● **ASSIGNED TASK**
Set every record down again, exactly and completely.

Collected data
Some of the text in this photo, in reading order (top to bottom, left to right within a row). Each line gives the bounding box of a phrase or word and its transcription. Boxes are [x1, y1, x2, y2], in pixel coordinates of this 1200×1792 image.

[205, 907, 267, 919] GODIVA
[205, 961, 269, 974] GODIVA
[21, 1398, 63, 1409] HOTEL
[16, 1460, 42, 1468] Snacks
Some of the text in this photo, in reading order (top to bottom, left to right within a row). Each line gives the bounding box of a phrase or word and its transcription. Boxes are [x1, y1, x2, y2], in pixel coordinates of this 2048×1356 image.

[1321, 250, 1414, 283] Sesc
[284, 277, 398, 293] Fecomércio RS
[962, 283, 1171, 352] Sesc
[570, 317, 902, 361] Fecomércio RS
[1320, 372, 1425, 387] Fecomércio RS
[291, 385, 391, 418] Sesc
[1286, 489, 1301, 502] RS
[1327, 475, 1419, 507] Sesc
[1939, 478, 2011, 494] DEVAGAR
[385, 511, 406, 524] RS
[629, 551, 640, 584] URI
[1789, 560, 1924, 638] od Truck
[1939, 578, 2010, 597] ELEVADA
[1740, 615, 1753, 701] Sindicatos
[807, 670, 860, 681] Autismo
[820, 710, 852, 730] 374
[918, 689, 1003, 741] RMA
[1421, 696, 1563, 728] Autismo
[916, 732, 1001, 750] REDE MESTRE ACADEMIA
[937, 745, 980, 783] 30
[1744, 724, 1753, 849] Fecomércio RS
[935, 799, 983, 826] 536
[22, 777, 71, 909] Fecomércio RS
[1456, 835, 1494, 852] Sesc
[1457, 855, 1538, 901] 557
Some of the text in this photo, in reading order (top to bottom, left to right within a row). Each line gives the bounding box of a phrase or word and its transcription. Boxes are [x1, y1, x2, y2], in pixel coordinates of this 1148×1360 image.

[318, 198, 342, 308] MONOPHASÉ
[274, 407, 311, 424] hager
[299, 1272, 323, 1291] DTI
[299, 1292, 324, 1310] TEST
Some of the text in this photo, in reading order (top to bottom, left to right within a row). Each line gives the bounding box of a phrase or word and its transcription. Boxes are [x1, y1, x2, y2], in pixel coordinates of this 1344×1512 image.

● **WRITTEN ANSWER**
Some of the text in this photo, in reading order (top to bottom, left to right within a row). Each line gives the bounding box of a phrase or word and its transcription. Boxes are [x1, y1, x2, y2], in pixel coordinates of this 1200×1792 image.

[205, 907, 267, 919] GODIVA
[205, 961, 269, 974] GODIVA
[21, 1398, 63, 1409] HOTEL
[16, 1460, 42, 1468] Snacks
Some of the text in this photo, in reading order (top to bottom, left to right within a row). Each line gives the bounding box of a phrase or word and its transcription. Boxes are [x1, y1, x2, y2], in pixel coordinates of this 2048×1356 image.

[1321, 250, 1414, 283] Sesc
[284, 277, 398, 293] Fecomércio RS
[962, 283, 1171, 352] Sesc
[570, 317, 902, 361] Fecomércio RS
[1320, 372, 1425, 387] Fecomércio RS
[291, 385, 391, 418] Sesc
[1286, 489, 1301, 502] RS
[1327, 475, 1419, 507] Sesc
[1939, 478, 2011, 494] DEVAGAR
[385, 511, 406, 524] RS
[629, 551, 640, 584] URI
[1789, 560, 1924, 638] od Truck
[1939, 578, 2010, 597] ELEVADA
[1740, 615, 1753, 701] Sindicatos
[807, 670, 860, 681] Autismo
[820, 710, 852, 730] 374
[918, 689, 1003, 741] RMA
[1421, 696, 1563, 728] Autismo
[916, 732, 1001, 750] REDE MESTRE ACADEMIA
[937, 745, 980, 783] 30
[1744, 724, 1753, 849] Fecomércio RS
[935, 799, 983, 826] 536
[22, 777, 71, 909] Fecomércio RS
[1456, 835, 1494, 852] Sesc
[1457, 855, 1538, 901] 557
Some of the text in this photo, in reading order (top to bottom, left to right within a row). Each line gives the bounding box of a phrase or word and its transcription. Boxes are [x1, y1, x2, y2], in pixel coordinates of this 1148×1360 image.

[318, 198, 342, 308] MONOPHASÉ
[274, 407, 311, 424] hager
[299, 1272, 323, 1291] DTI
[299, 1292, 324, 1310] TEST
Some of the text in this photo, in reading order (top to bottom, left to right within a row). Each line gives the bounding box of a phrase or word and its transcription. Boxes are [x1, y1, x2, y2], in pixel coordinates of this 1344×1512 image.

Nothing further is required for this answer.